Losing your health insurance isn’t all bad. For one thing, you can finally afford to see a doctor.

4 Comments. Leave new

  • I’ve wondered about this…we know prices are inflated and insurance is designed for profit, so how can it save us money? The seemingly absurd sentiment in the cartoon has to stop plenty of viewers and make them think.

    Being young, I don’t really need much of any medical care. It’d have to be cheaper to pay out of pocket. Catastrophic health insurance perhaps? And I don’t want to hear the Obama tripe that I’m increasing the prices for everyone else when we full well know hospitals and insurance companies are the problem there.

  • alex_the_tired
    June 12, 2013 8:19 PM

    Just an aside. I had a kidney stone out a couple years ago, with no insurance. My first adult trip to a hospital for anything significant. The anesthesiologist send me a bill. $1,666.67. If I paid $333.33 within 30 days, they would simply forgive the rest of the payment.

    The entire bill? Counting payments for office visits (when the stone has come to rest and you aren’t in pain, they take a very conservative approach. Let’s try a bill that will make your ureters expand, possibly giving the stone enough room to shift. If that doesn’t work, let’s schedule you for the OR.) and the surgery, the whole thing was $9,000.

    You do the math. A kidney stone removal is one of the most common procedures done.

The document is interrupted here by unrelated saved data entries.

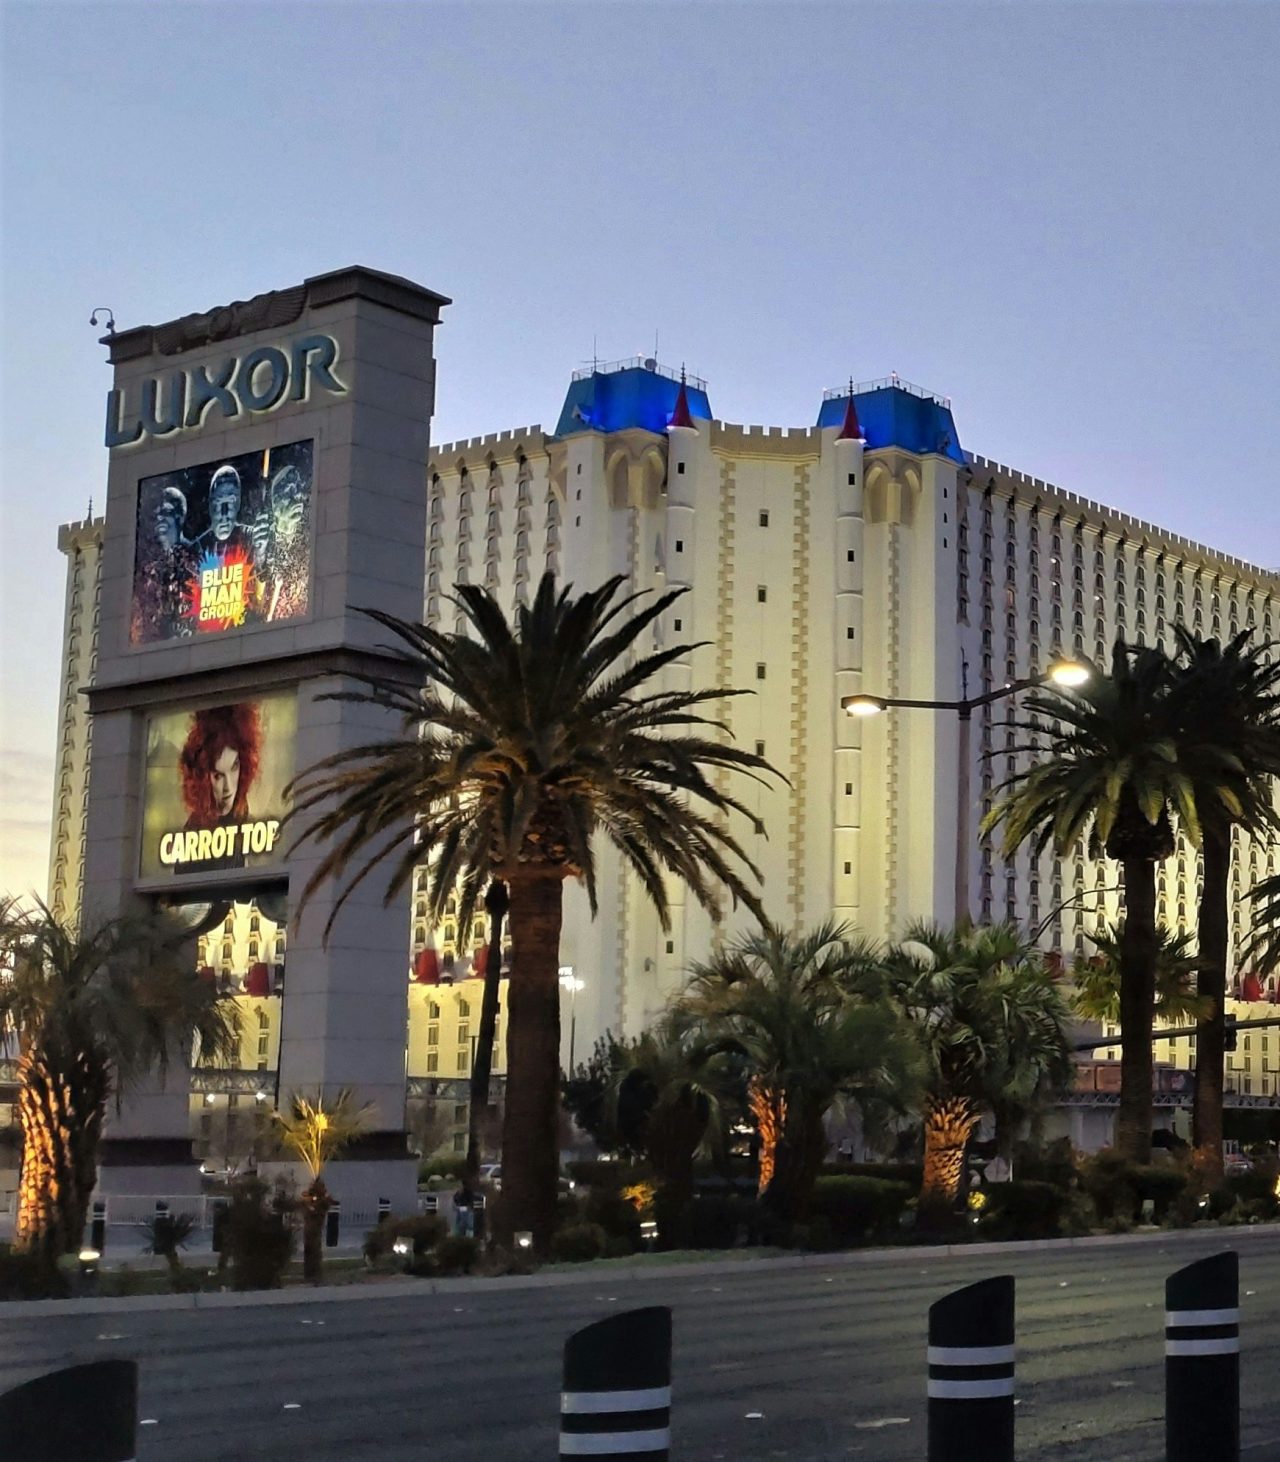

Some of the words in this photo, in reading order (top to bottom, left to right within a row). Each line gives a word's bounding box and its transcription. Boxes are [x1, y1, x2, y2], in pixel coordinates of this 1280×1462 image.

[105, 334, 349, 448] LUXOR
[202, 563, 244, 588] BLUE
[200, 581, 243, 608] MAN
[199, 602, 243, 621] GROUP
[160, 825, 239, 865] CARROT
[241, 820, 280, 855] TOP
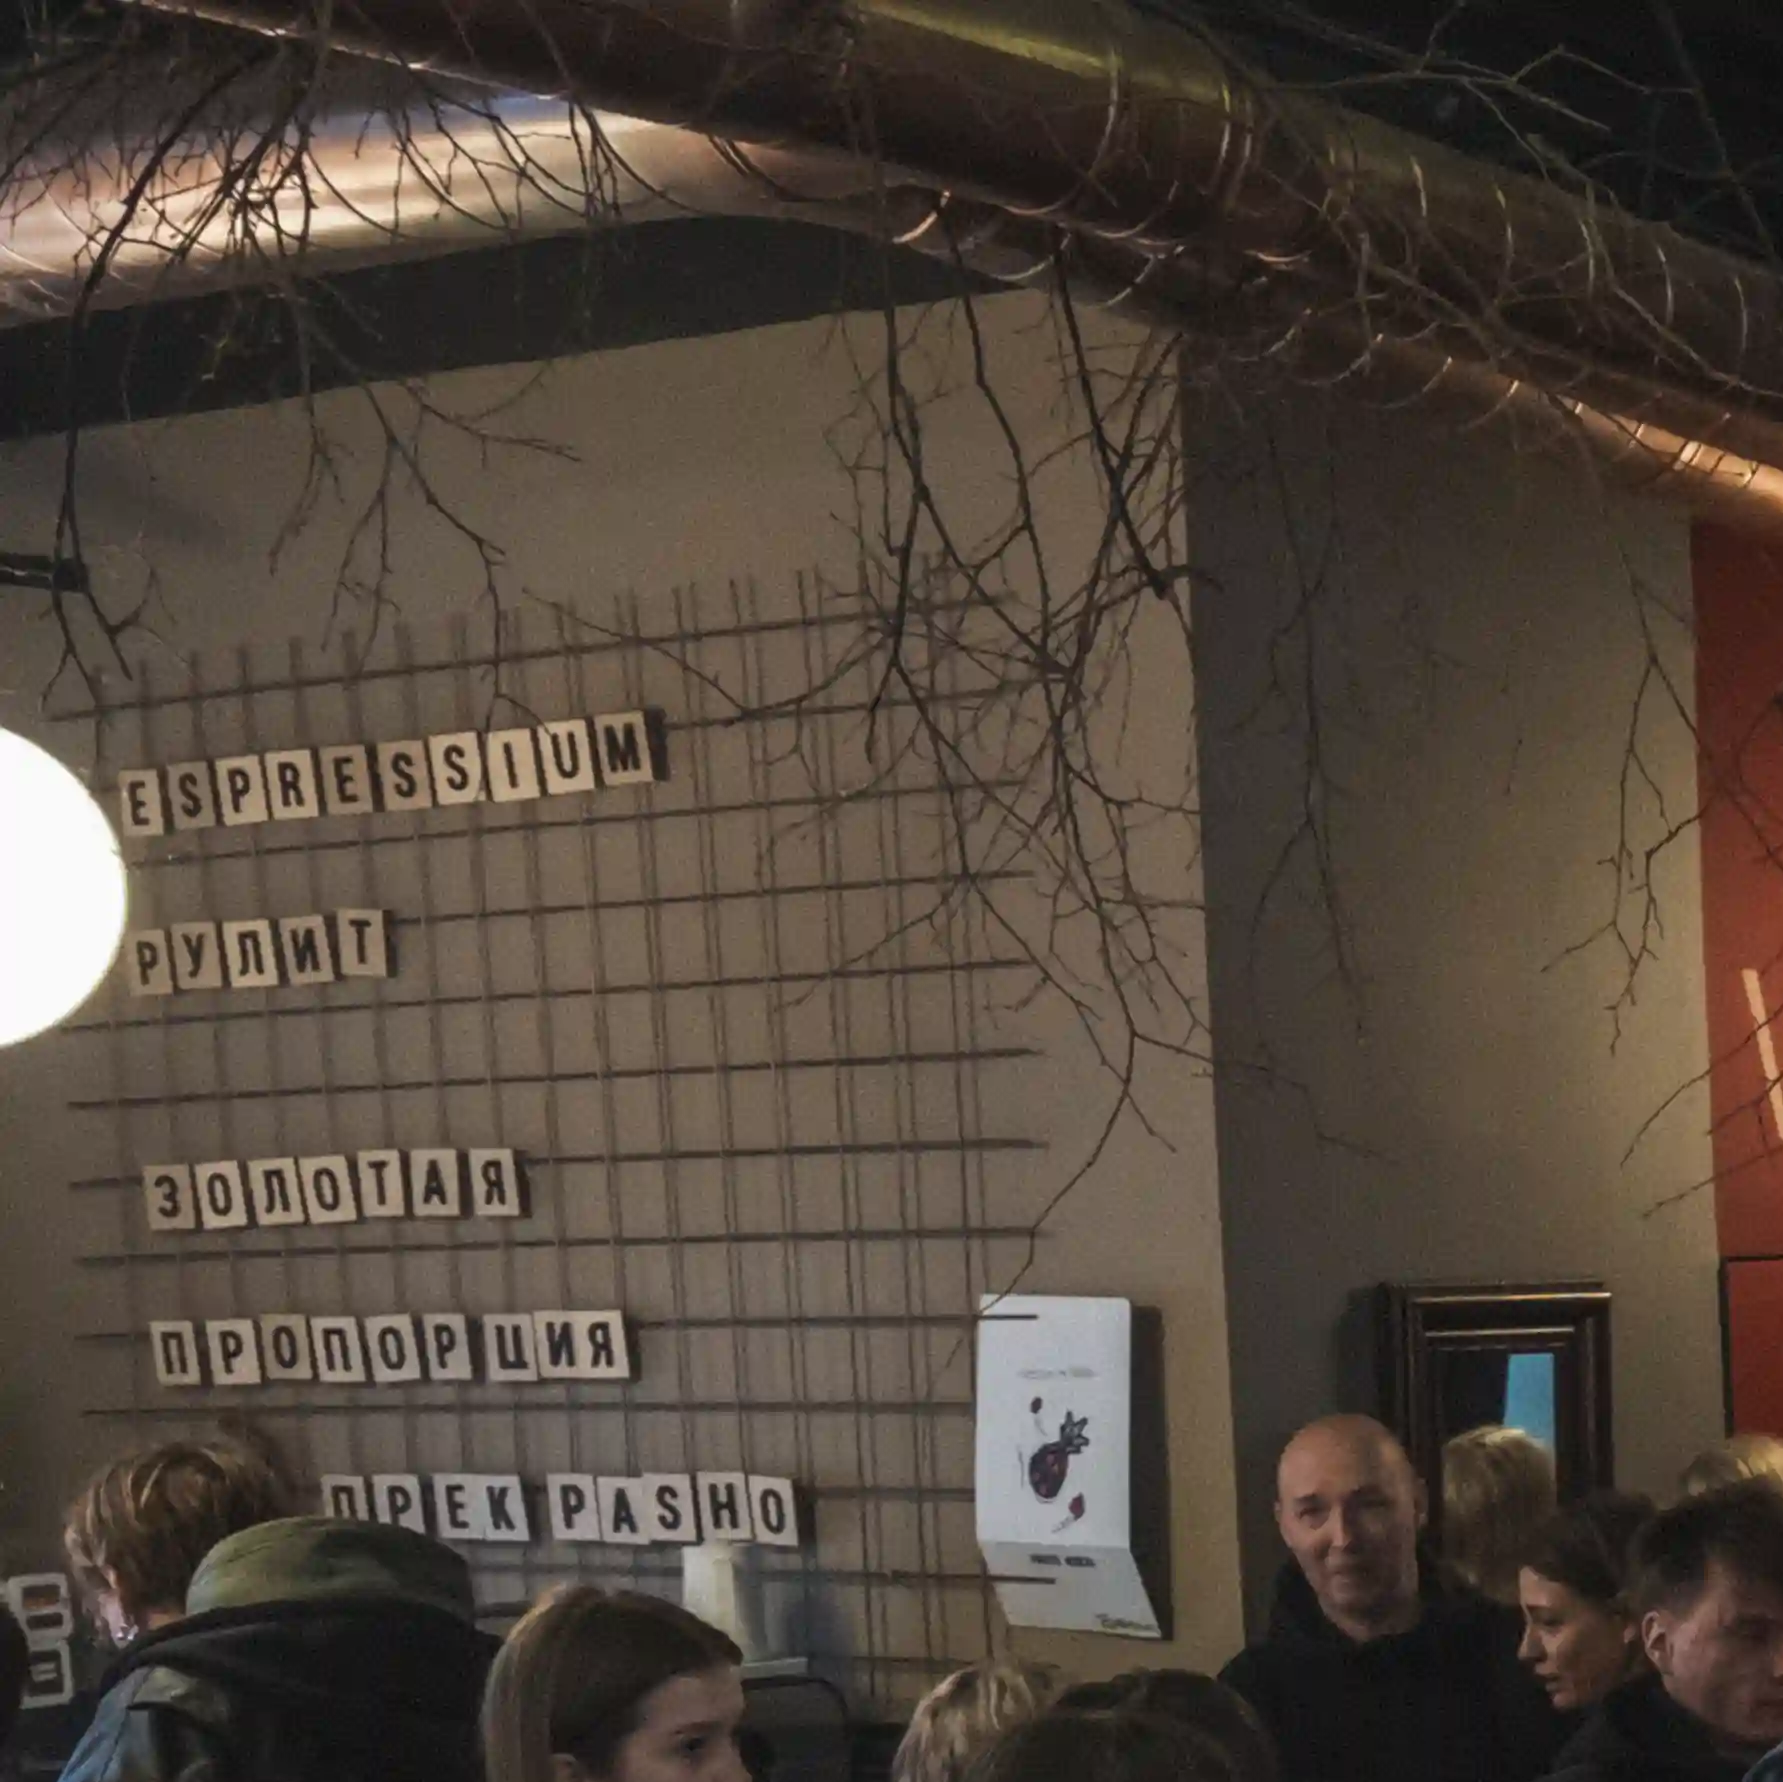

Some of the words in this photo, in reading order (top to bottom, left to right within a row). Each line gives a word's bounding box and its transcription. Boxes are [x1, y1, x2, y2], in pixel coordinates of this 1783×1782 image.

[127, 721, 643, 828] ESPRESSIUM
[136, 917, 373, 986] РУЛИТ
[152, 1158, 508, 1220] ЗОЛОТАЯ
[159, 1319, 616, 1377] ПРОПОРЦИЯ
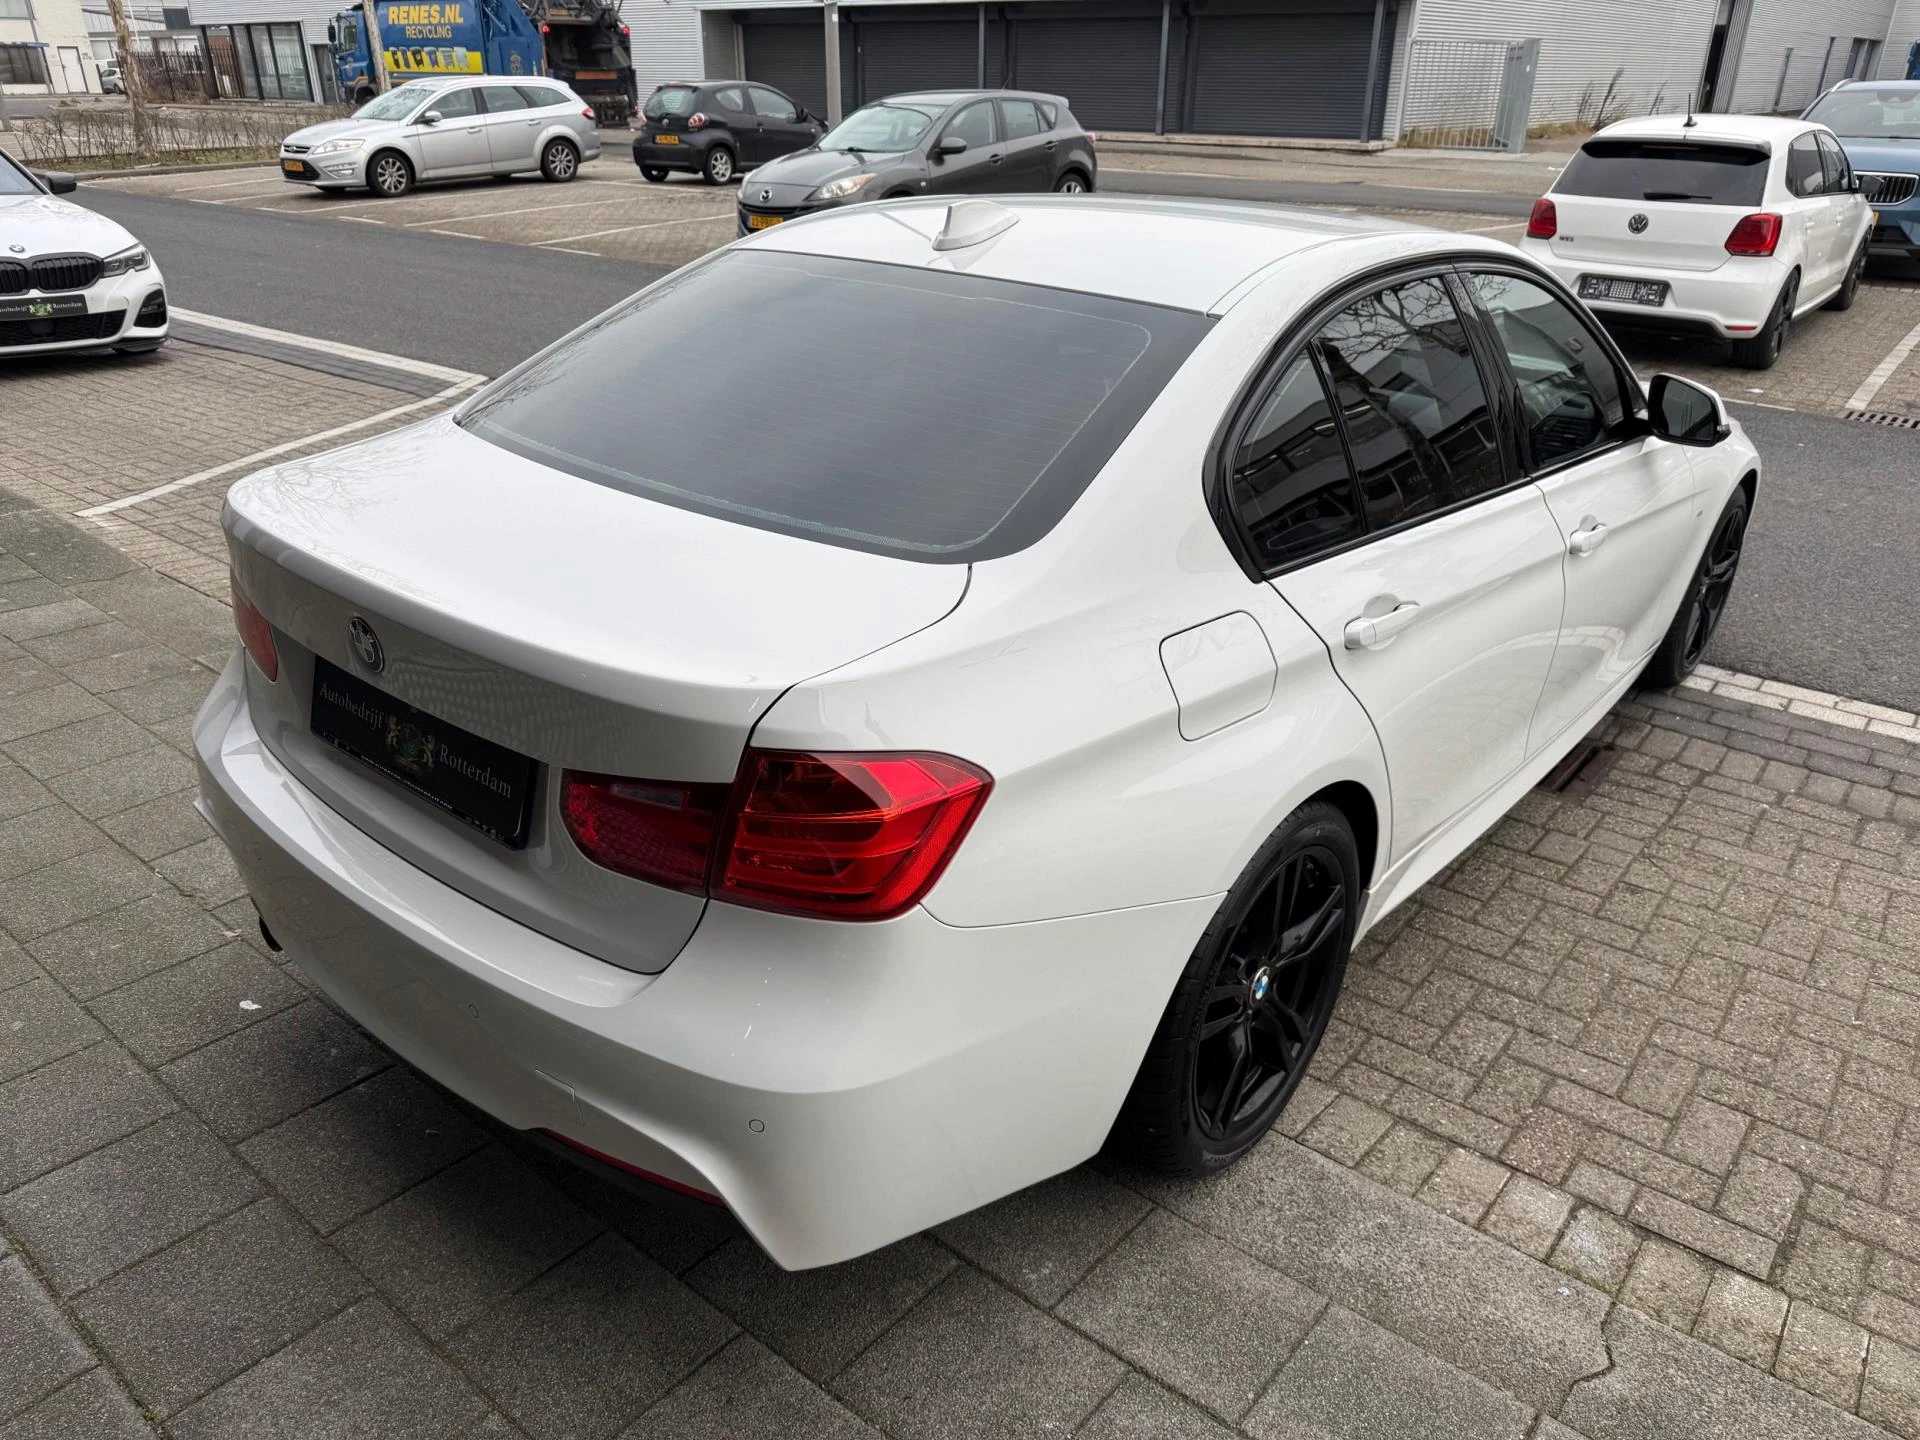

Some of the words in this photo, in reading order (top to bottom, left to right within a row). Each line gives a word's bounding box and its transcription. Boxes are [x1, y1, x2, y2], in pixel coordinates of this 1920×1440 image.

At $600 a month, my insurance, in order to break even, would have to have me not doing a single solitary thing medically for 15 months.

    Does that seem even REMOTELY likely?

    Right now, I keep wearing down my shoes on one side only. I would love to go to a podiatrist and have a professional take a look, to make sure I’m not doing irreparable damage to my knees or ankles (“Well, if you’d come to us 10 years ago, we could have done something to allow you to conserve your joints. Now, it’s just bone scraping bone. That’ll be $50,000 for the knee replacements vs. $500 for the special inserts for your shoes.”) but I can’t deal with a $1,000 bill.

    If anyone knows a way to fix pronation, let me know. …

  • While you might not get the best care in the world, you’ll never pay more for it than in the USA.
    The world’s most powerful military, most influential economy, and most expensive healthcare.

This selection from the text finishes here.